Branchenexperten gingen bisher von gezielten kleineren
Firmenübernahmen in den Schwellenländern und einem weiteren
Aktienrückkauf in Milliardenhöhe aus.
Von einem ganz anderen Szenario ist am Freitag in einer
Branchenstudie von Kepler Capital Marktes zu lesen. Der in
angelsächsischen Anlegerkreisen viel beachtete Analyst rechnet
damit, dass Lindt & Sprüngli im kommenden Jahr übernommen wird.
Nicht von einem ausländischen Käufer, sondern von niemand
geringerem als Nestlé.
Aufgrund der gut verdaulichen Grösse und den längerfristigen
Aussichten zweistelliger Wachstumsraten gebe der Hersteller von
Premiumschokolade ein attraktives Übernahmeziel ab. Lindt &
Sprüngli weise gegenüber dem europäischen Nahrungsmittelsektor eine
umfangreiche Bewertungsprämie auf. Dennoch werde ein Interessent
den Aktionären im Falle einer Übernahme mindestens 20 Prozent mehr
bieten müssen.
In Handelskreisen werden die Aussagen von Kepler Capital Markets
allerdings relativiert. Aus dem Umfeld der Bank ist zu hören, dass
der zuständige Analyst schon seit Jahren von einer möglichen
Übernahme von Lindt & Sprüngli durch Nestlé spricht.

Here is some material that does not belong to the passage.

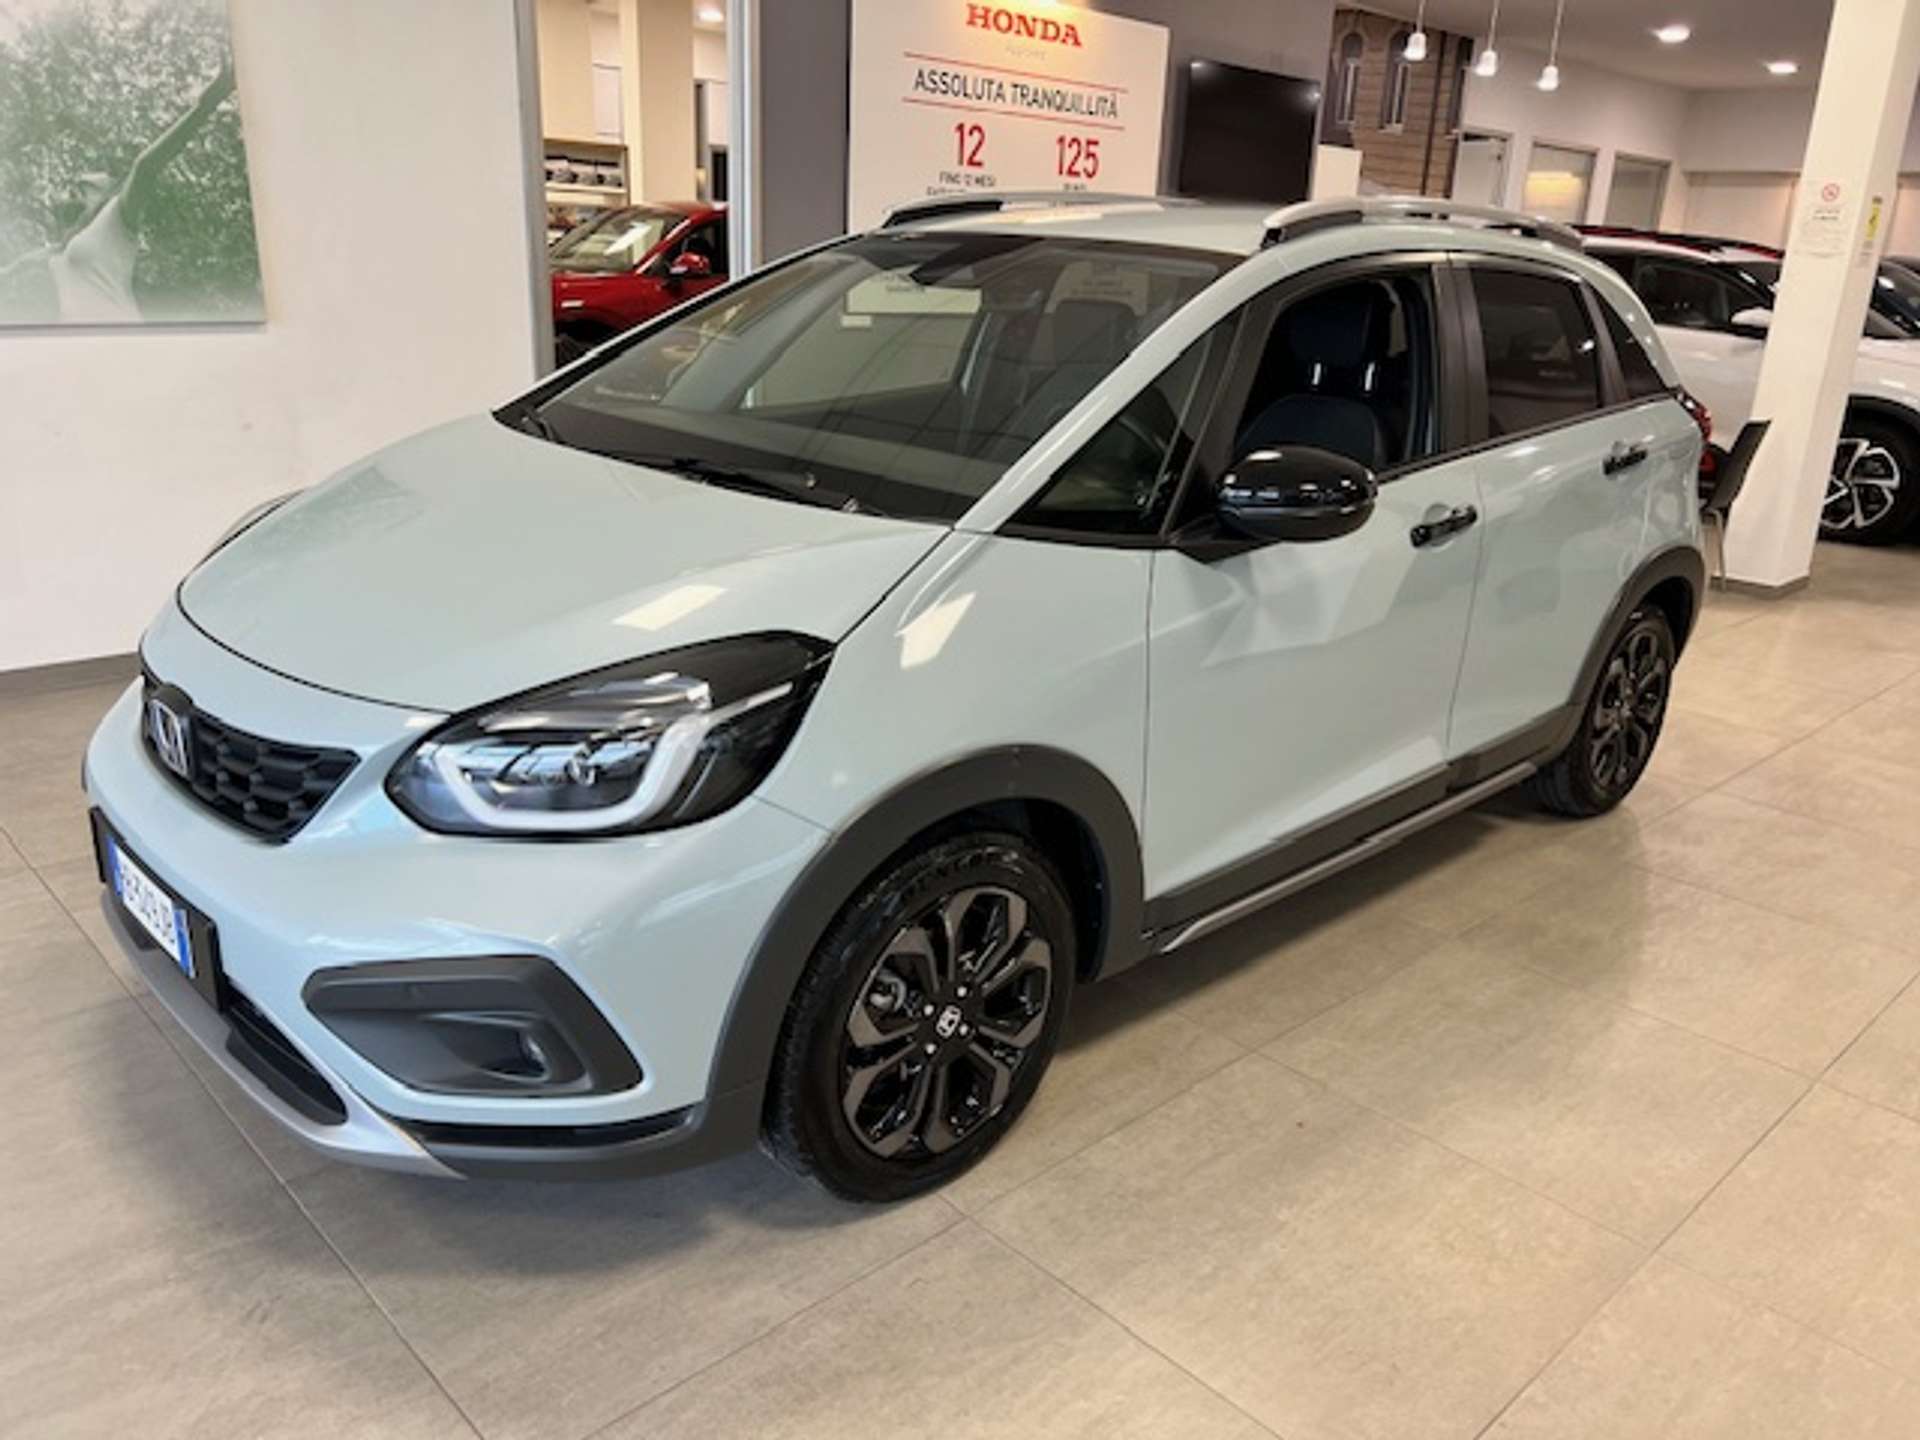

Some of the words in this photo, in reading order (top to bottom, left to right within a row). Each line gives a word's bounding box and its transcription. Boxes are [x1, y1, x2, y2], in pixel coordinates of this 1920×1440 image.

Ausserdem
habe der firmeneigene Fonds für Pensionsergänzungen mit einem
Stimmrechtsanteil von 22,2 Prozent auch noch ein Wort mitzureden.
Dieser Fonds werde indirekt von CEO Ernst Tanner kontrolliert.
schrieb am 14.11.09 10:14:34
Vielen Dank @ 1435905 für den neuen Thread. Die Überschrift passt
trefflich und reflektiert meine eigene Einschätzung zu diesem Wert.
Ich bei seit 2003 in Nestle investiert und habe den Wert in meinem
Depot als sogenannte Ewigkeitsaktie definiert. Eine Aktie zum
vererben.

Dieses
Privileg hat bei mir zur Zeit nur noch BASF und Linde.
Gruß Agio
schrieb am 14.11.09 12:58:36
Wie sieht das denn mit der Dividende bei Nestle aus?
schrieb am 14.11.09 19:07:42
Antwort auf Beitrag Nr.:
38.387.404 von Agio am 14.11.09
10:14:34Hallo Agio,
soetwas freut mich zu hören!
Ich sehe Nestlé auch als eine der wenigen Aktien, auf welche die
Aussage von Kostolany ("Kaufen, liegen lassen und Schlaftabletten
nehmen") noch zutrifft.
Zwar bin ich erst seit gut 2 Jahren investiert und auch nur +/-0
was die Kursentwicklung betrifft, aber auf lange Sicht hege ich
keine Zweifel. Von einer Wirtschaft- und Finanzkrise war bei Nestlé
nichts zu spüren.
Zudem bin ich ganz froh, so eine "Langweileraktie" zu besitzen, bei
der man nicht täglich auf den Kurs starren muss um schnell kaufen
oder verkaufen zu können.
Interessant dass du Linde ansprichst; ich habe den Konkurrenten Air
Liquide im Depot und sehe ihn ebenfalls als Langfristaktie.
Im
Thread: AIR LIQUIDE WKN:
850133 habe ich einen letzte Woche einen interessanten Artikel
eingestellt, der Linde und Air Liquide vergleicht. Sicherlich auch
für dich lesenswert.
Viele Güße
1435905
schrieb am 14.11.09 19:18:57
Antwort auf Beitrag Nr.:
38.387.882 von ALEX224 am 14.11.09
12:58:36Hallo ALEX224,
die Dividende betrug letztes Jahr 1,40 CHF. Das macht beim
aktuellen Kurs einen Rendite von knapp 3%.
Was die zukünftige Dividende betrifft, bin ich derzeit überfragt,
muss mich mal auf die Suche begeben.
schrieb am 14.11.09 19:23:37
Antwort auf Beitrag Nr.:
38.388.840 von 1435905 am 14.11.09
19:18:57Die Analystenschätzungen sehen für das nächste
Jahr 1,47 CHF und danach 1,57 CHF voraus.
Dabei wäre ich mir allerdings nicht allzu sicher, viel hängt auch
von der Entwicklung rund um den Verkauf von Alcon ab und wie das
Geld dann verwendet wird (Stichwort: mögliche Sonderdividende).